The data below should be printed in full, exactly, and without any of its images.

============

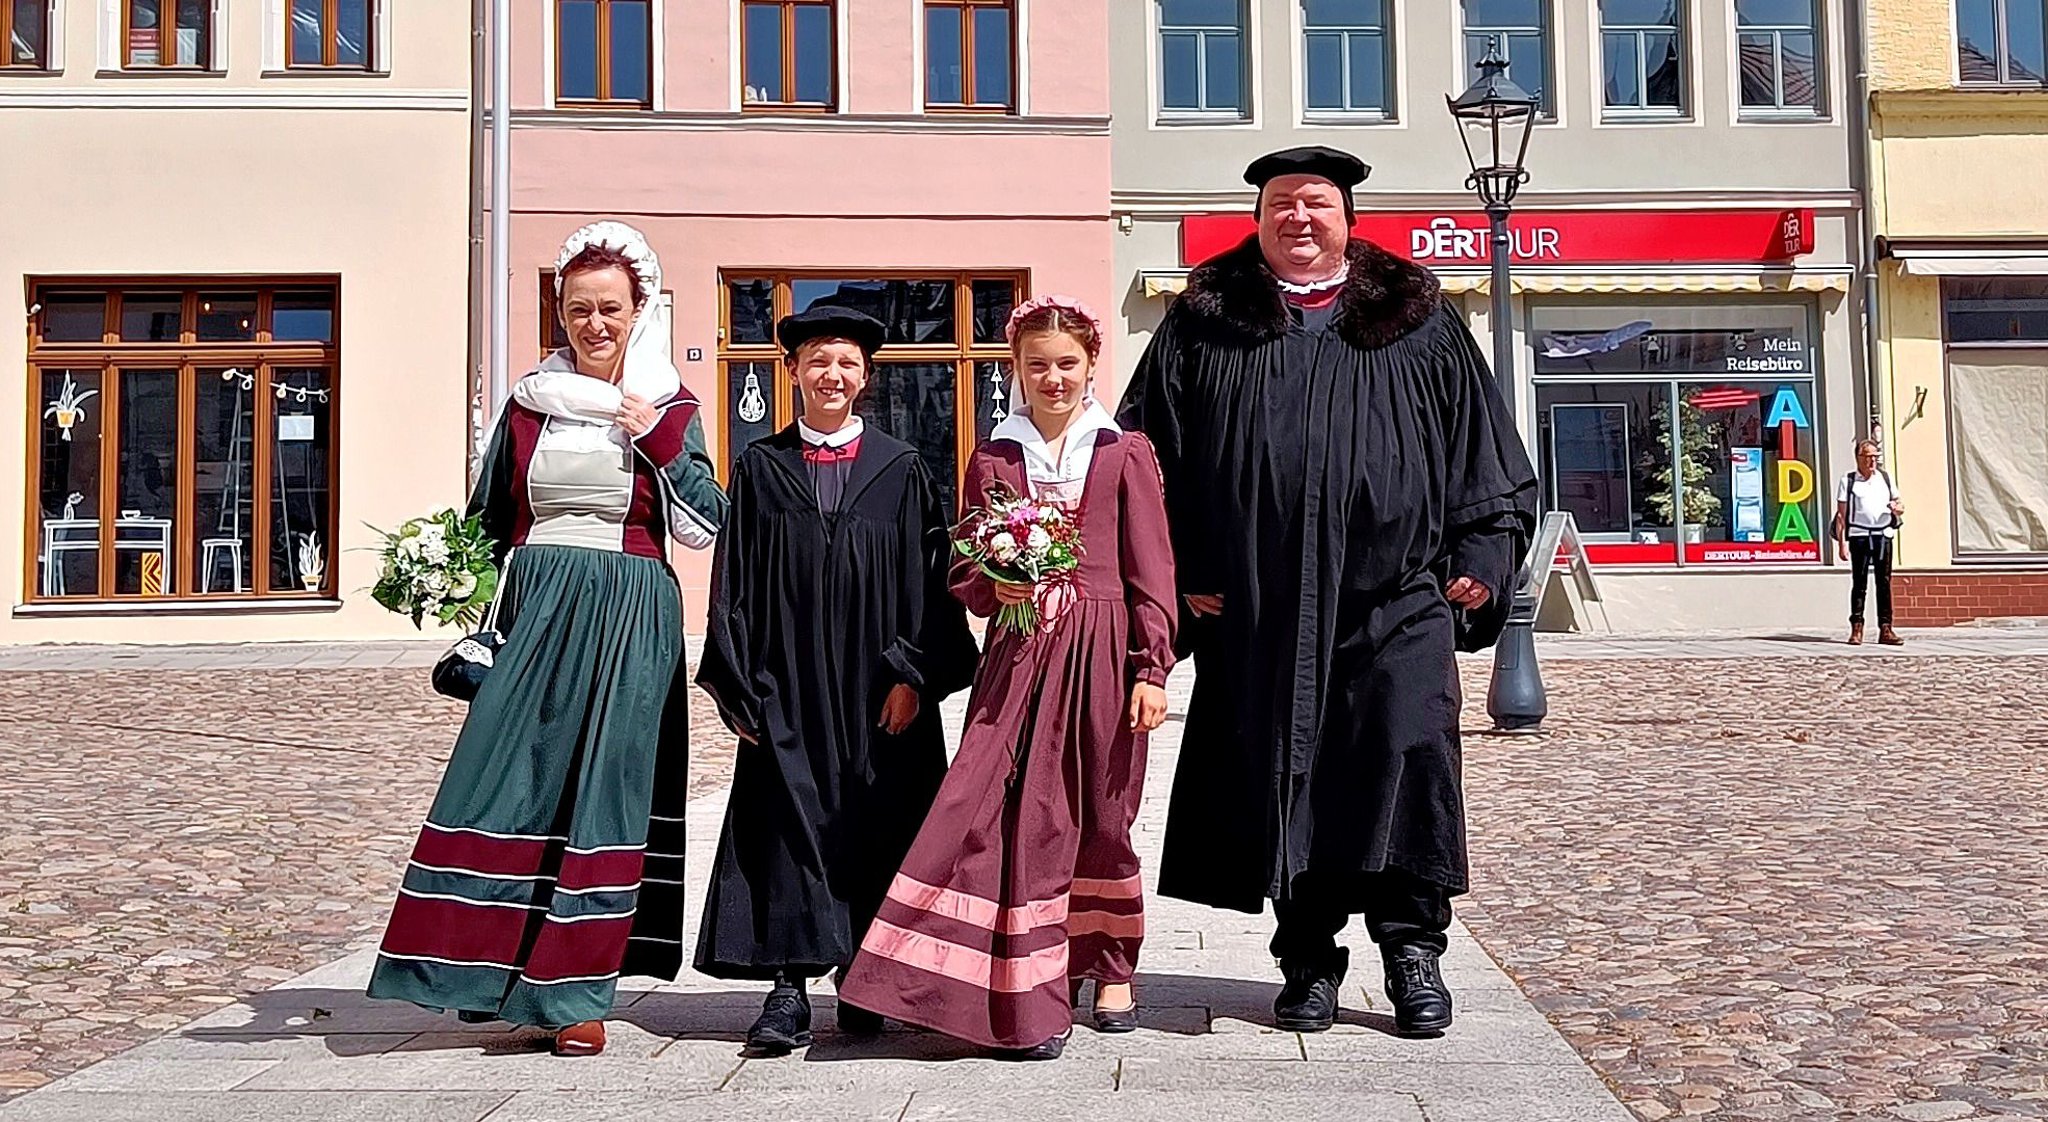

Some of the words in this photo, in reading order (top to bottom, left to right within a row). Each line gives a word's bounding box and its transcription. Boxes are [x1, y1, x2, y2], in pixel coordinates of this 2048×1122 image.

[1411, 226, 1560, 258] DERTUR
[1763, 337, 1802, 352] Mein
[1726, 356, 1803, 371] Reisebüro
[1766, 386, 1814, 543] AIDA
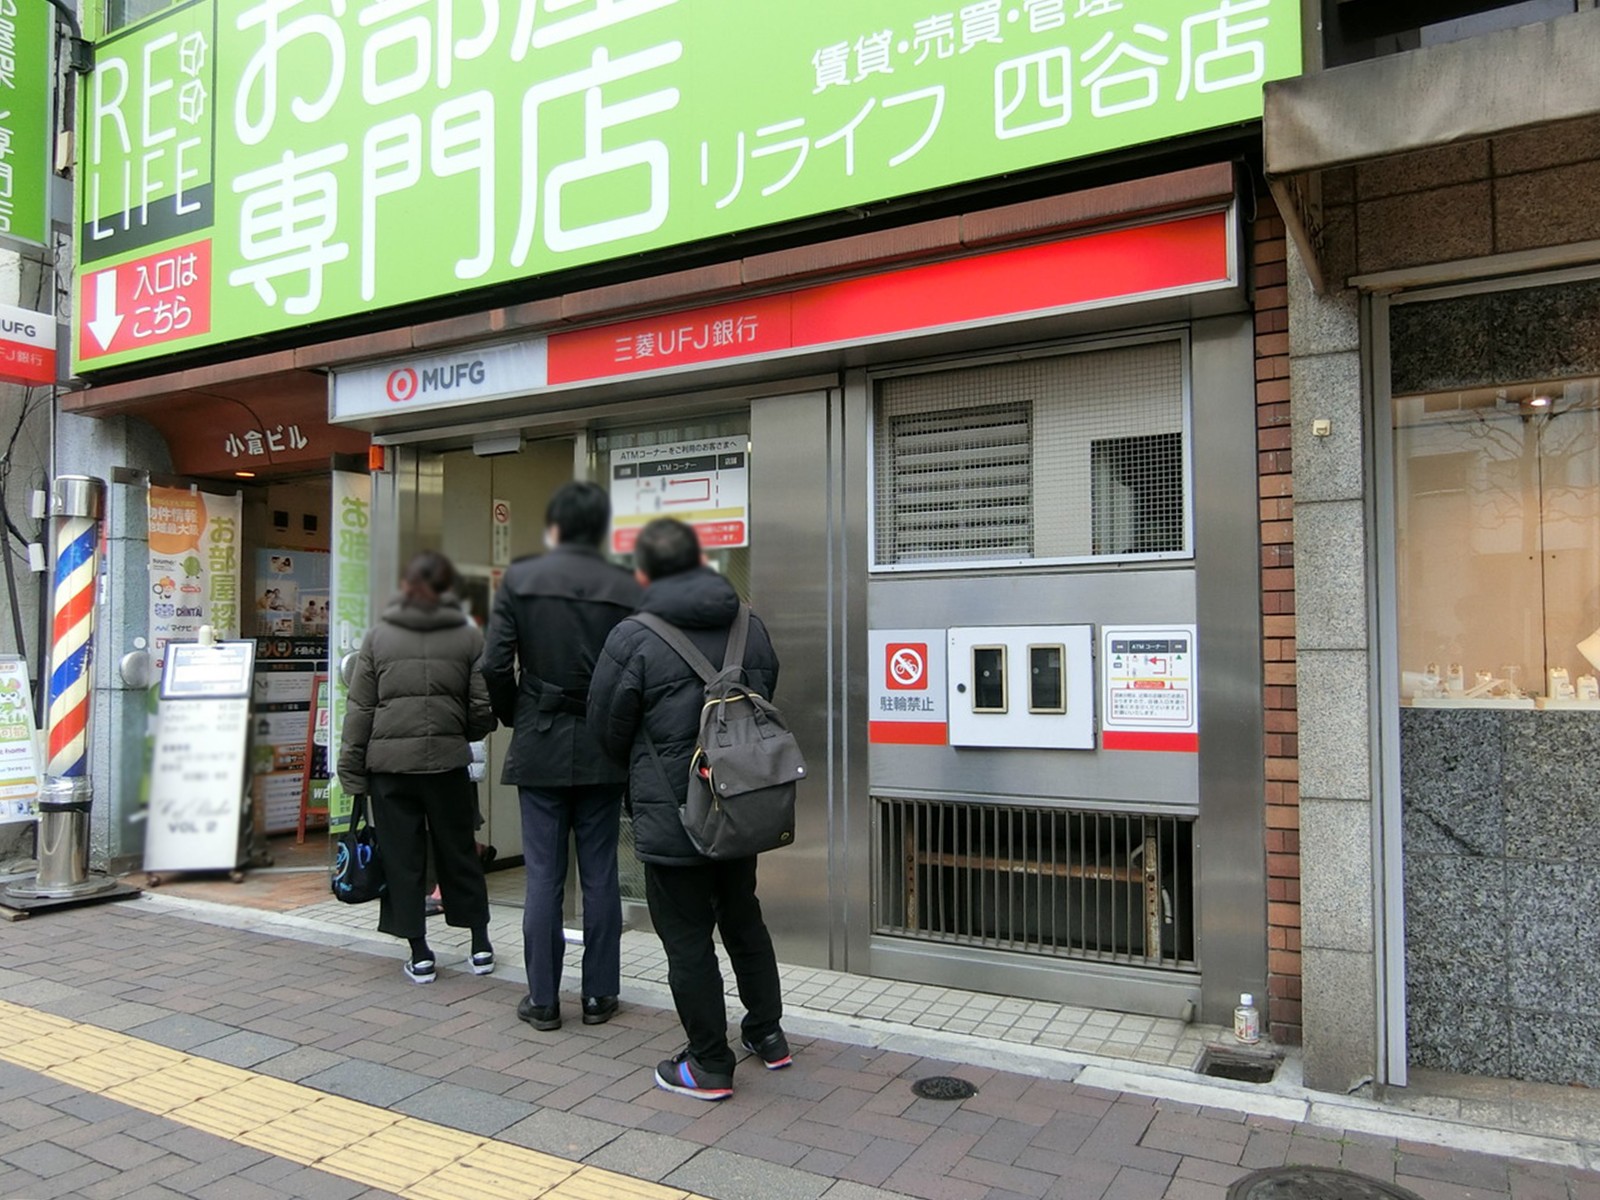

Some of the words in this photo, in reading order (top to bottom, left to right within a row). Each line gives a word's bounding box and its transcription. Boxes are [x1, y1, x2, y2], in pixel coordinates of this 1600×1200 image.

============

* **Exercise solution**:
Some of the words in this photo, in reading order (top to bottom, left to right within a row). Each line gives a word's bounding box and its transcription. Boxes are [x1, y1, x2, y2], in pixel coordinates of this 2048×1122 image.

[1411, 226, 1560, 258] DERTUR
[1763, 337, 1802, 352] Mein
[1726, 356, 1803, 371] Reisebüro
[1766, 386, 1814, 543] AIDA

Some of the words in this photo, in reading order (top to bottom, left to right within a row). Each line gives a word's bounding box and its transcription. Boxes are [x1, y1, x2, y2], in pixel coordinates of this 1600×1200 image.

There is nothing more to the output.